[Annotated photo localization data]
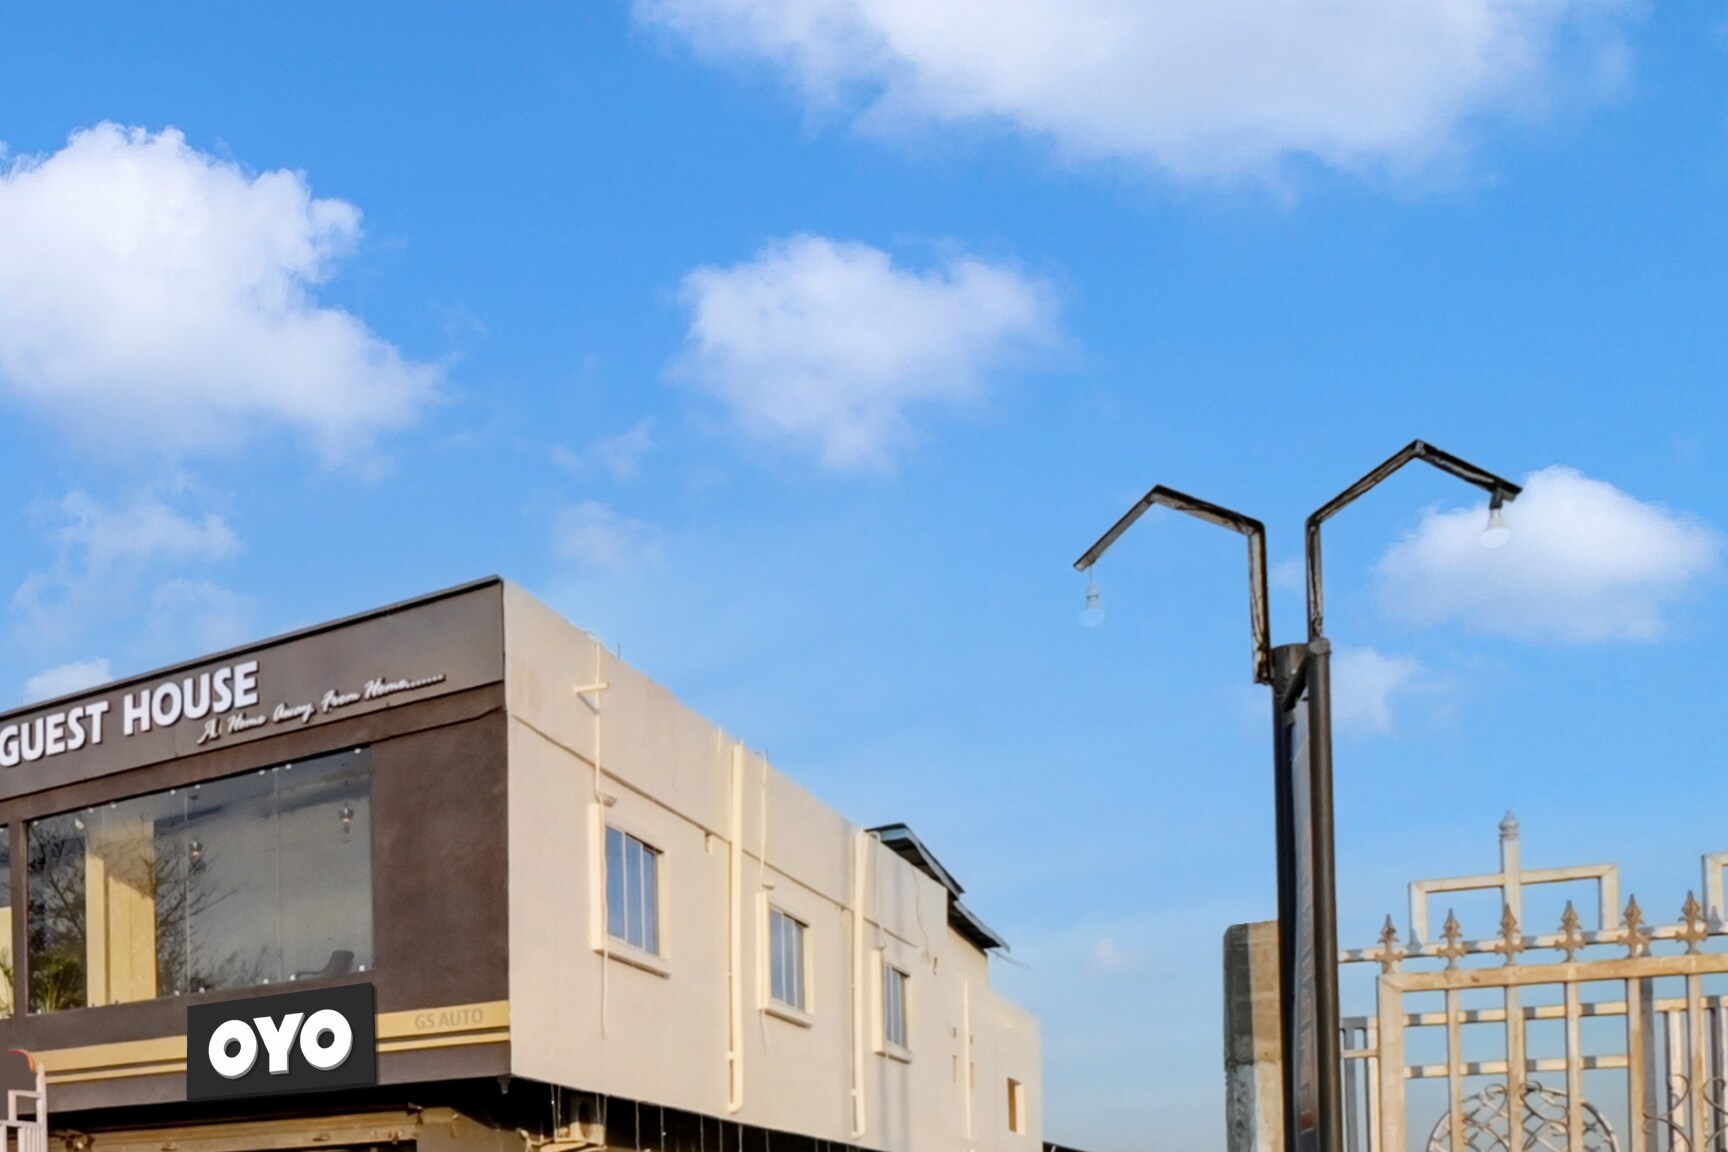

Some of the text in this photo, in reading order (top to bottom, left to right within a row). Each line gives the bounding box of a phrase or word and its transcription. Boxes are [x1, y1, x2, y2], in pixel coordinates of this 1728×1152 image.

[123, 660, 259, 736] HOUSE
[208, 1008, 353, 1080] OYO
[414, 1008, 483, 1030] GS AUTO
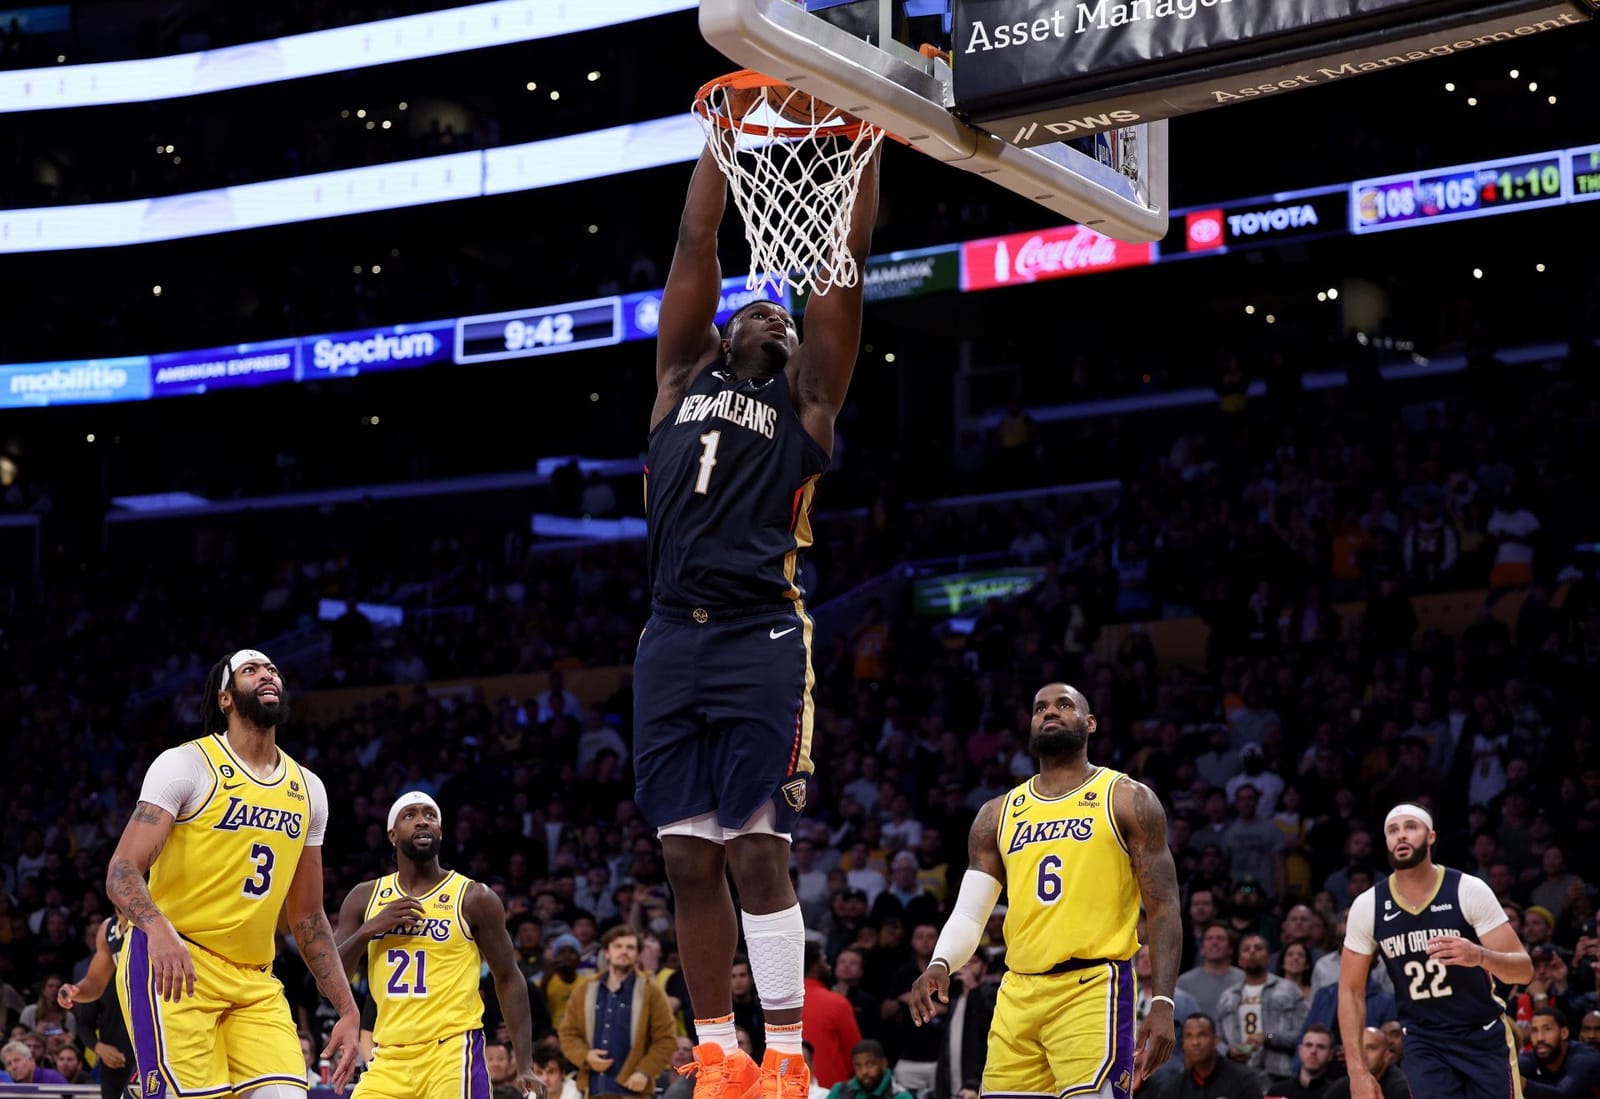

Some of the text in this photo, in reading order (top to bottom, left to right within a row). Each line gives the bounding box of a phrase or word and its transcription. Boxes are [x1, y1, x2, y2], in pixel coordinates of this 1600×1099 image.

**Activity**. Reproduce the lines above exactly, image-free.

**Written reply**.
Some of the text in this photo, in reading order (top to bottom, left to right within a row). Each line gives the bounding box of a phrase or word and its transcription. Boxes are [x1, y1, x2, y2], in pixel coordinates of this 1728×1152 image.

[123, 660, 259, 736] HOUSE
[208, 1008, 353, 1080] OYO
[414, 1008, 483, 1030] GS AUTO

Some of the text in this photo, in reading order (top to bottom, left to right within a row). Each line gives the bounding box of a phrase or word and its transcription. Boxes are [x1, y1, x2, y2], in pixel coordinates of this 1600×1099 image.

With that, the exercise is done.